THD is almost completely useless as a single value. Total Harmonic distribution function is more important. Any THD <1% is pretty much inaudible to the human ear, and even if that value is doubled I doubt that most people could even tell the difference. THD will also change with frequency. When talking about a class D amp, this value is even less important than it would be for a Class A or B. When determining which amp is best for a given system there are much more important factors to consider than factory specs. Components and board layout give huge clues as to the quality of an amp. You can see many of these at ampguts.com.

A listening test will tell you much more about an amps capabilities than a bunch of numbers from a spec sheet. You can also find some pretty extensive real world tests on the net which can tell you what an amp can really do. 

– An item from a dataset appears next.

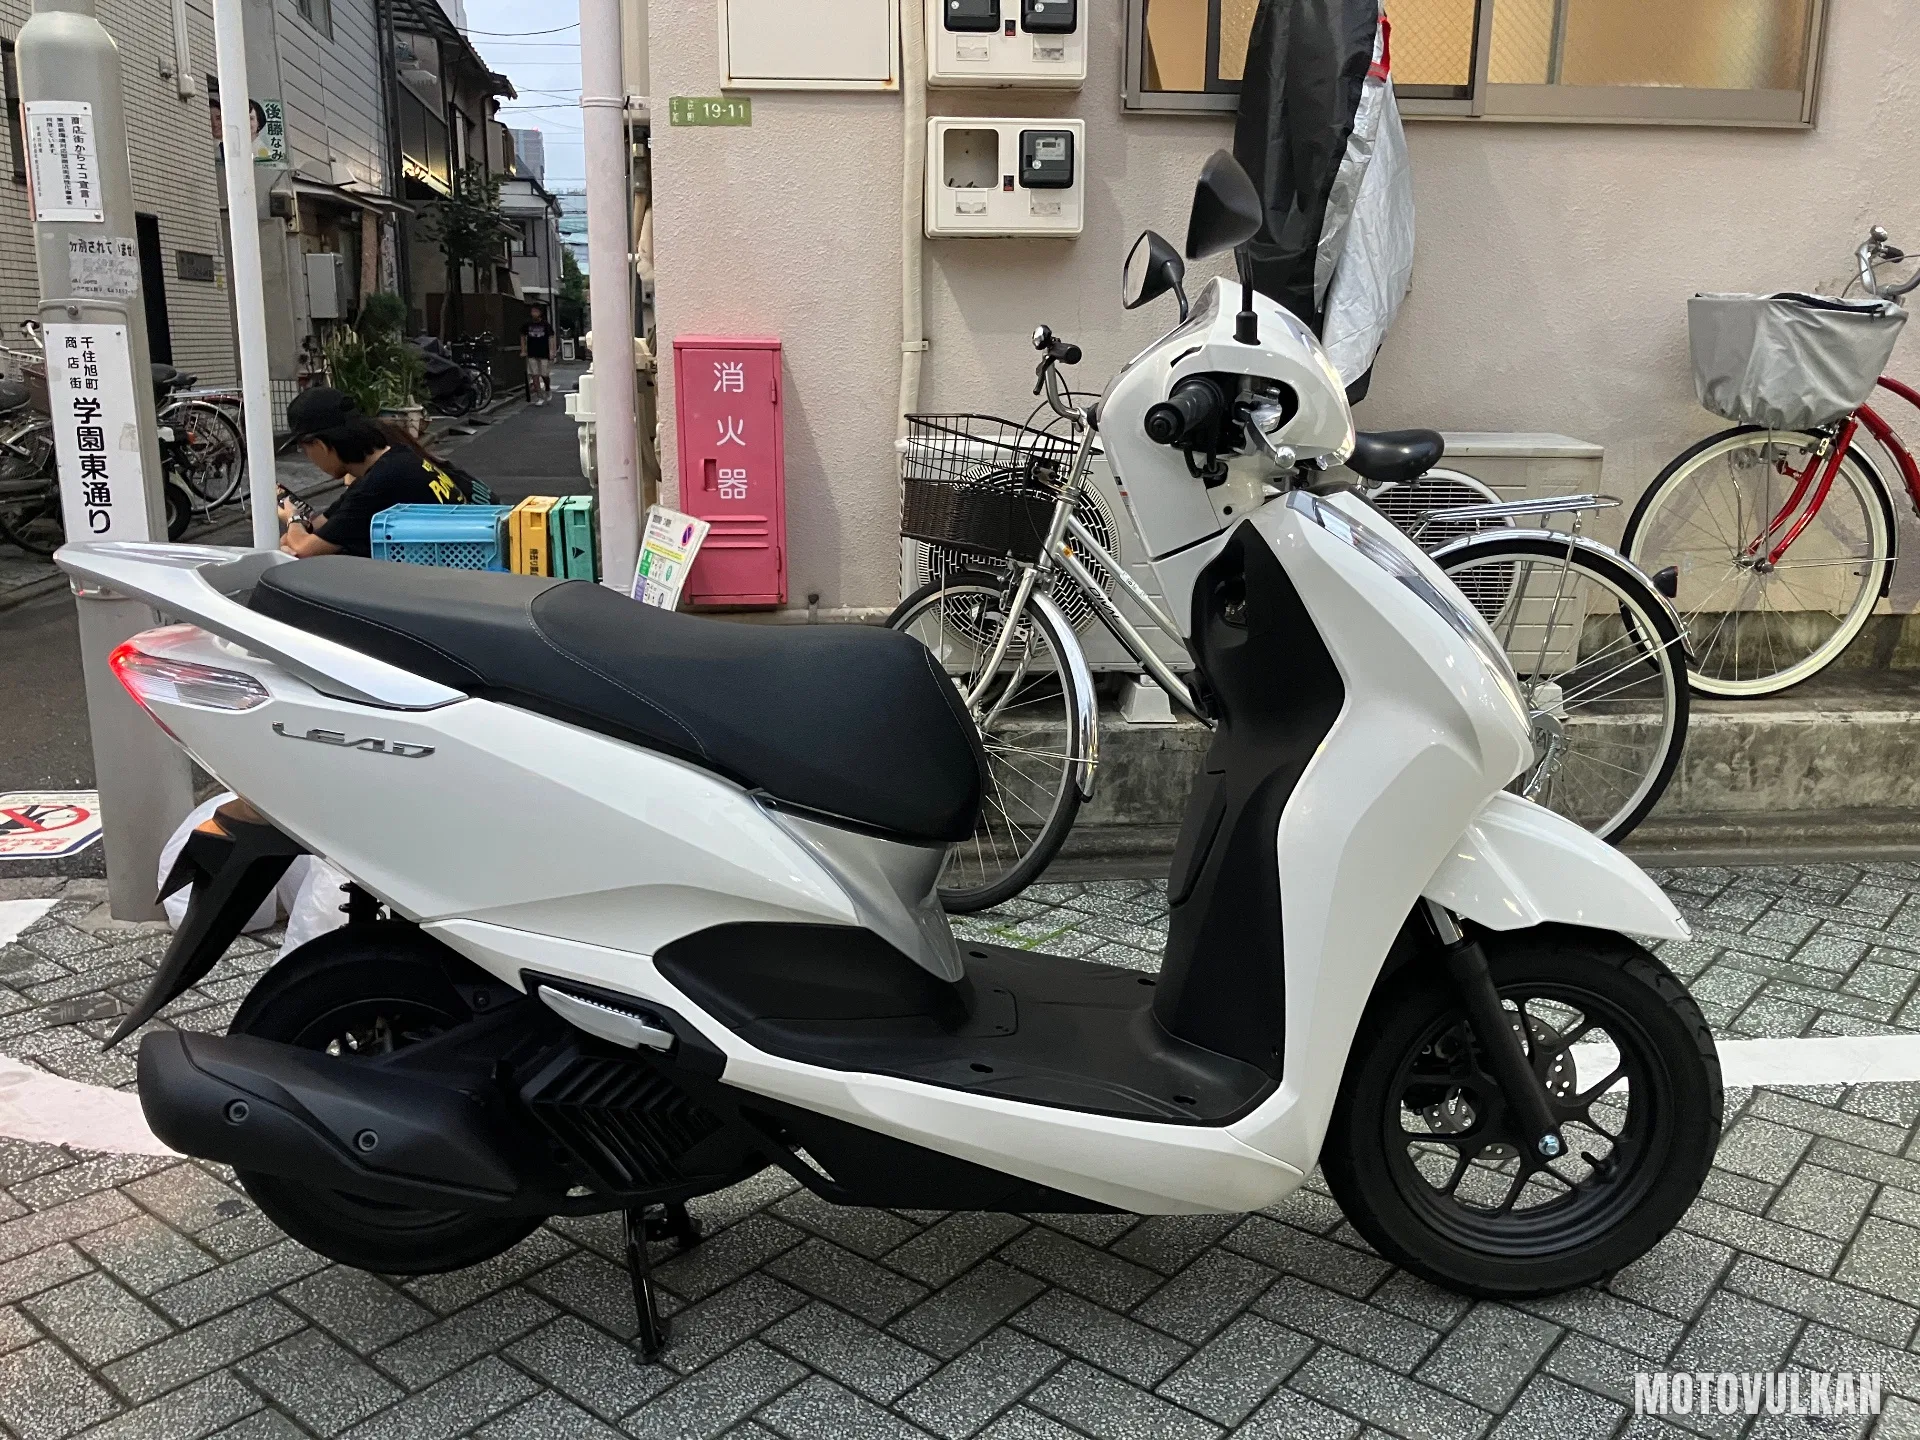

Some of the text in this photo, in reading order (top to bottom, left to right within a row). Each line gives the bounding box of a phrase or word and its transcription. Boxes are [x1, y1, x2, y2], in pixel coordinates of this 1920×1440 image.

There is absolutely nothing wrong with the USAmps amp that you linked to. They have a really good reputation and many people run those amps and swear by them. In the 2000Wrms range, IMO, the AQ2200 gives the absolute best bang for your buck. Not to say that it is the best out there, but for it's price, it will do rated and then some in most applications. The same can't be said about most amps in that power and price range.

I am far from a car audio pro, but I do have a pretty extensive background in electronics and sound principals (e.g. sound propagation, fundamental and harmonic frequencies, SNR, etc.) Though most of my experience is based on sound characteristics in a liquid medium (water) there are only slight differences when applying this to a gas medium (air).


----------



## Jeff Rohrer (Jul 9, 2010)

> _Originally posted by ROCKSOLID84_@Jan 15 2011, 03:52 PM~19605559
> *most class d have high thd..they are focusing on raw power..but most of the distortion even 5 percent is in audible.plus the low pass and subsonics croos  out allnoticeable noise..even in front stage amps 1 percent is hard to hear..
> *


Good luck, Ive stated this on several forums. It's funny when people say they can here the difference between classes of amps 
:roflmao:


----------



## L.Daco1 (Jun 16, 2010)

> _Originally posted by Jeff Rohrer_@Jan 15 2011, 02:13 PM~19606005
> *Good luck, Ive stated this on several forums. It's funny when people say they can here the difference between classes of amps
> :roflmao:
> *


I know. It's gotten to the point where I don't even post a response to some of the BS I see on these forums. I just wanna know where people get this shit from? Do they just make it up as they go along? The funny thing is, there is sooo much good info to be found on the net that could explain some of the most basic info to those that really don't have a good grasp on some of these concepts. It's just plain ignorance.


----------



## playboi13 (Nov 4, 2010)

> _Originally posted by L.Daco1_@Jan 15 2011, 01:05 PM~19605647
> *THD is almost completely useless as a single value. Total Harmonic distribution function is more important. Any THD <1% is pretty much inaudible to the human ear, and even if that value is doubled I doubt that most people could even tell the difference. THD will also change with frequency. When talking about a class D amp, this value is even less important than it would be for a Class A or B. When determining which amp is best for a given system there are much more important factors to consider than factory specs. Components and board layout give huge clues as to the quality of an amp. You can see many of these at ampguts.com.
> 
> A listening test will tell you much more about an amps capabilities than a bunch of numbers from a spec sheet. You can also find some pretty extensive real world tests on the net which can tell you what an amp can really do.
> ...


cool.. thanks for the info. so thd, damping factor, and slew rate dont make that much a difference in sq?..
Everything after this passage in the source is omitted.